GOAL OF THE EXERCISE — Please write out every record exactly, but keep any images out of it.

SOURCE DATA —
========
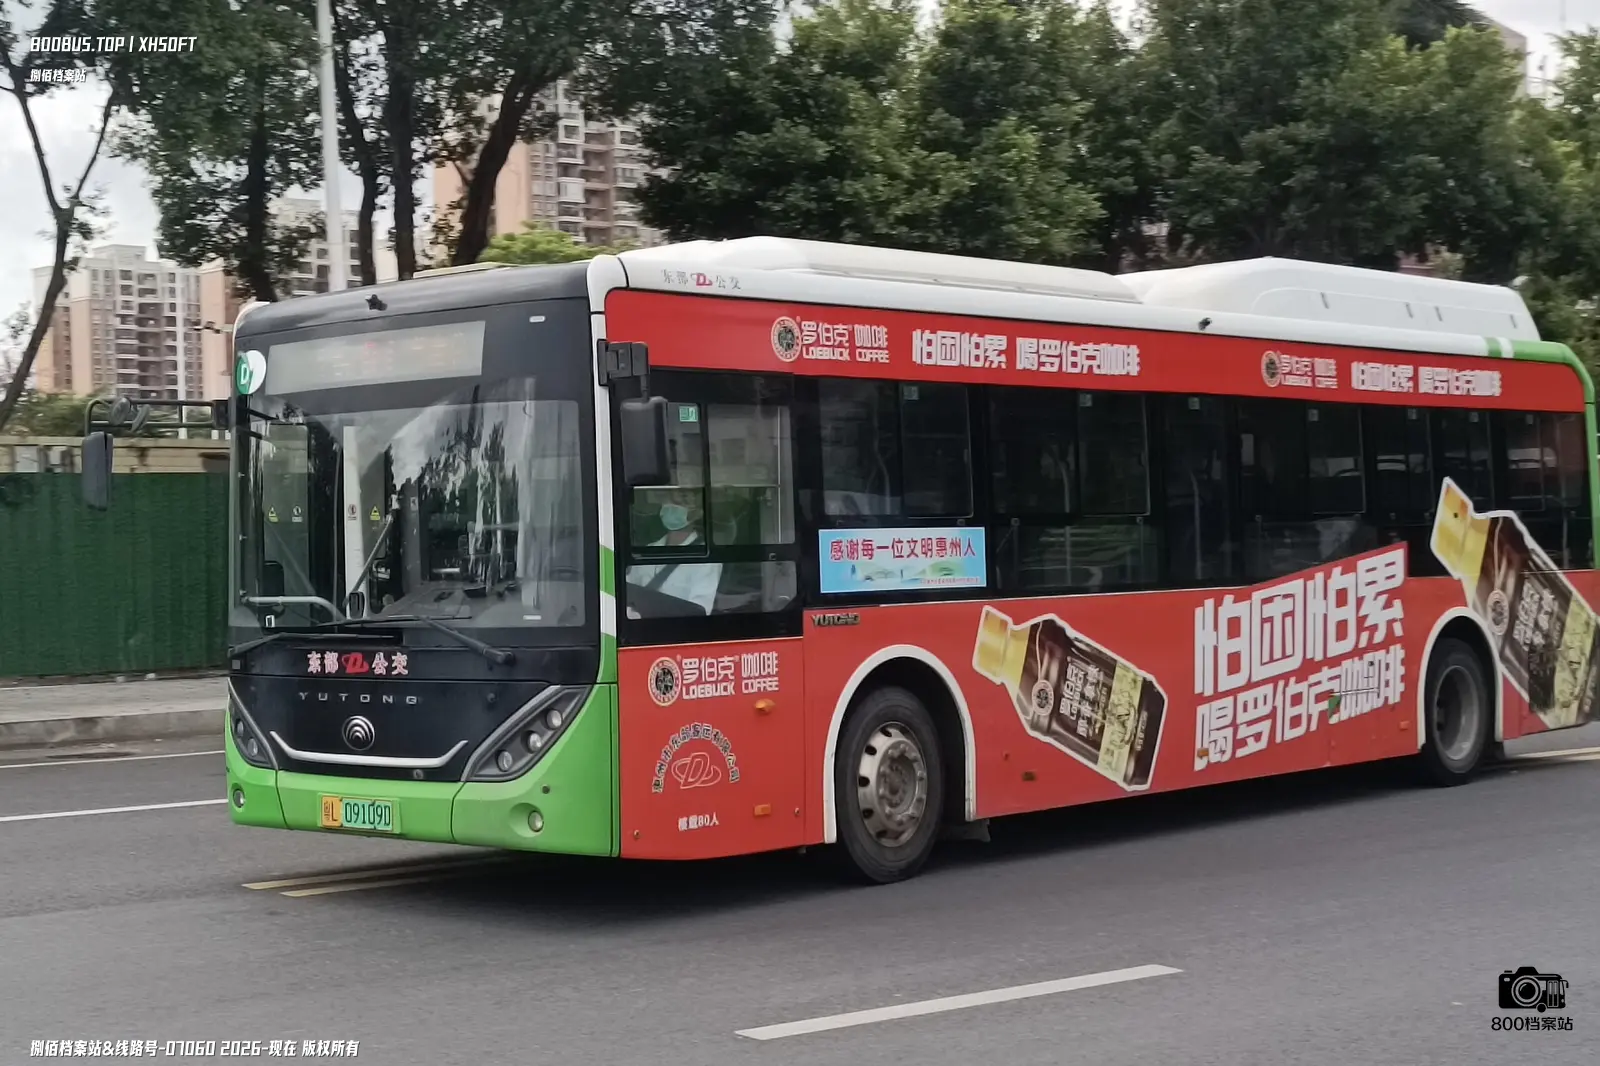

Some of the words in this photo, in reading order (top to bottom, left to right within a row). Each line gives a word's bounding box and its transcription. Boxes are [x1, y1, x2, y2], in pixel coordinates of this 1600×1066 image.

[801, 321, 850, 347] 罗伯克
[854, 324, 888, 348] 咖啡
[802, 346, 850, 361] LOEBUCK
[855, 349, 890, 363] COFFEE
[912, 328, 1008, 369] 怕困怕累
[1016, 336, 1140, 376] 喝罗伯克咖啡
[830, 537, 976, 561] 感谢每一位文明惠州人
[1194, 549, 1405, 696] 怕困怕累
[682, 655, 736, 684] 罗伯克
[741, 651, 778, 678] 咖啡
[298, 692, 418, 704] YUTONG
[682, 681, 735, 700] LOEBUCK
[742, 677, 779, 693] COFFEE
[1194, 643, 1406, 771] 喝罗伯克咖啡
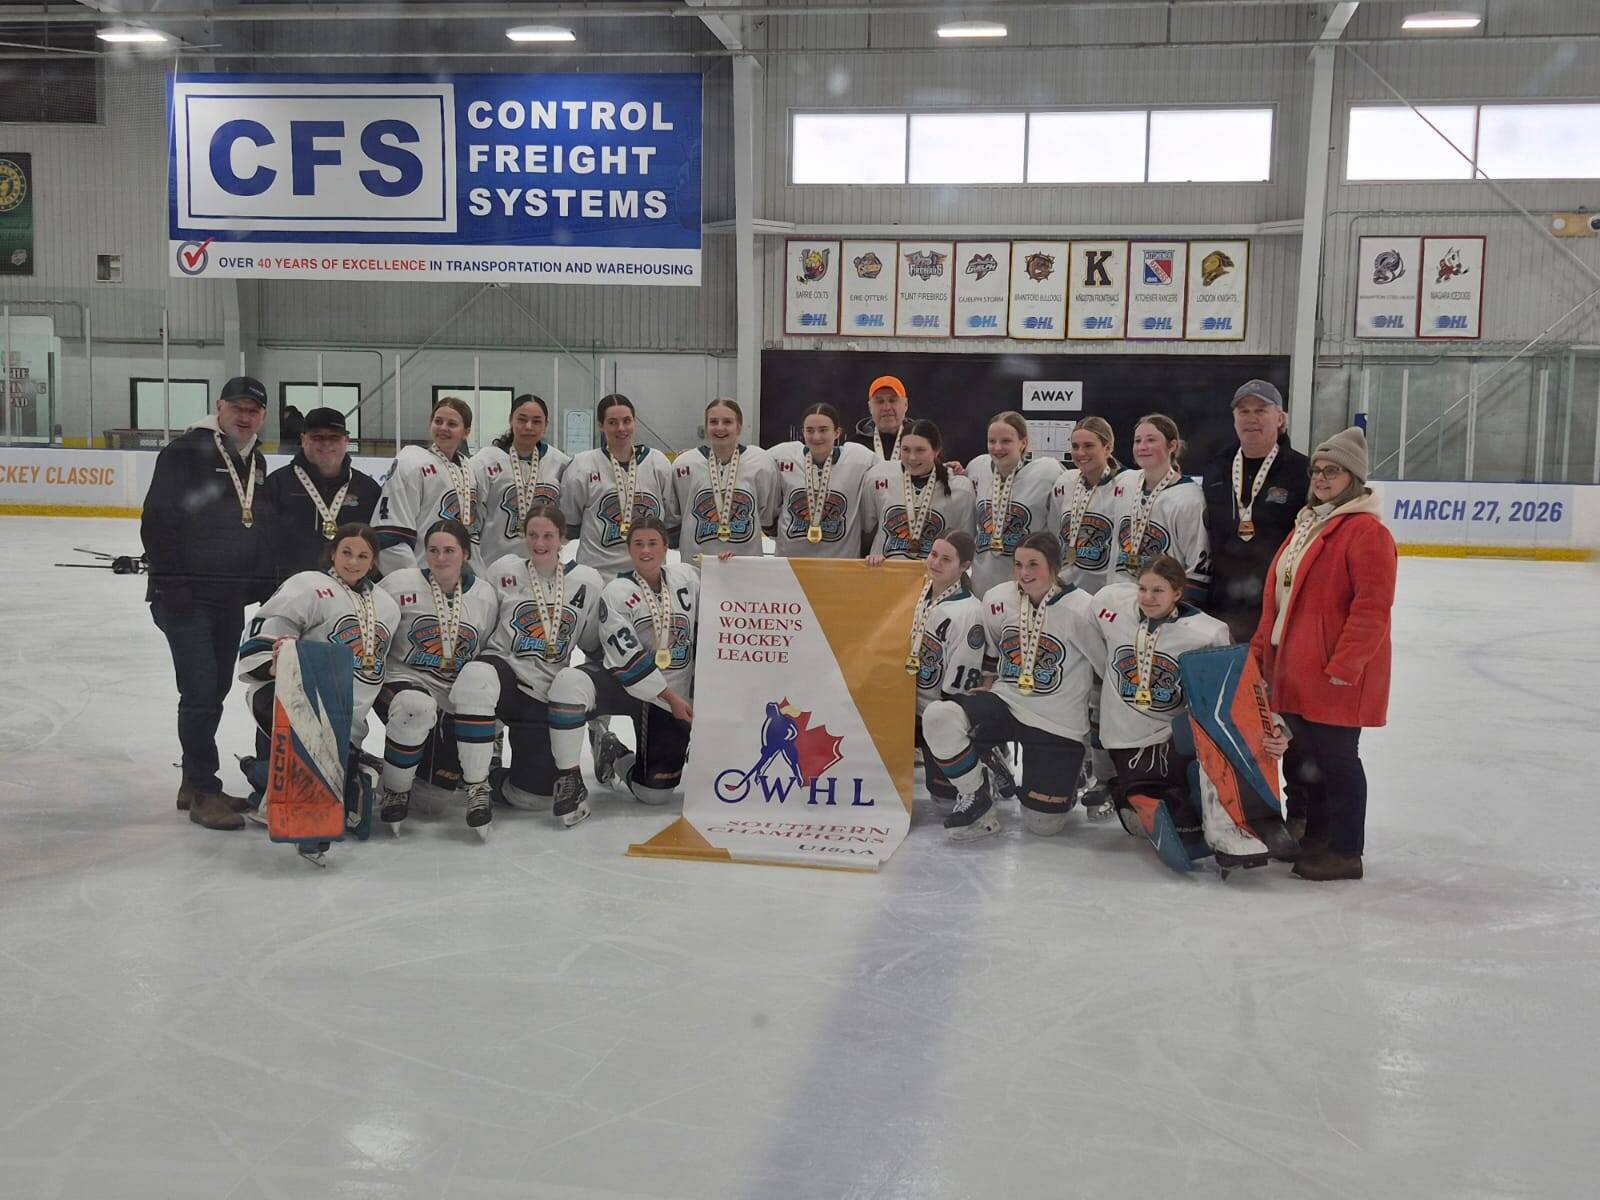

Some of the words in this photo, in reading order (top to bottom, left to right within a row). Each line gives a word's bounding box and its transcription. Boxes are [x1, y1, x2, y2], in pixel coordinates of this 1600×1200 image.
========
TASK ANSWER —
Some of the words in this photo, in reading order (top to bottom, left to right within a row). Each line gives a word's bounding box and its transcription. Boxes are [x1, y1, x2, y2], in pixel coordinates of this 1600×1066 image.

[801, 321, 850, 347] 罗伯克
[854, 324, 888, 348] 咖啡
[802, 346, 850, 361] LOEBUCK
[855, 349, 890, 363] COFFEE
[912, 328, 1008, 369] 怕困怕累
[1016, 336, 1140, 376] 喝罗伯克咖啡
[830, 537, 976, 561] 感谢每一位文明惠州人
[1194, 549, 1405, 696] 怕困怕累
[682, 655, 736, 684] 罗伯克
[741, 651, 778, 678] 咖啡
[298, 692, 418, 704] YUTONG
[682, 681, 735, 700] LOEBUCK
[742, 677, 779, 693] COFFEE
[1194, 643, 1406, 771] 喝罗伯克咖啡

Some of the words in this photo, in reading order (top to bottom, left to right within a row). Each line gives a word's bounding box and its transcription. Boxes are [x1, y1, x2, y2], in pixel coordinates of this 1600×1200 image.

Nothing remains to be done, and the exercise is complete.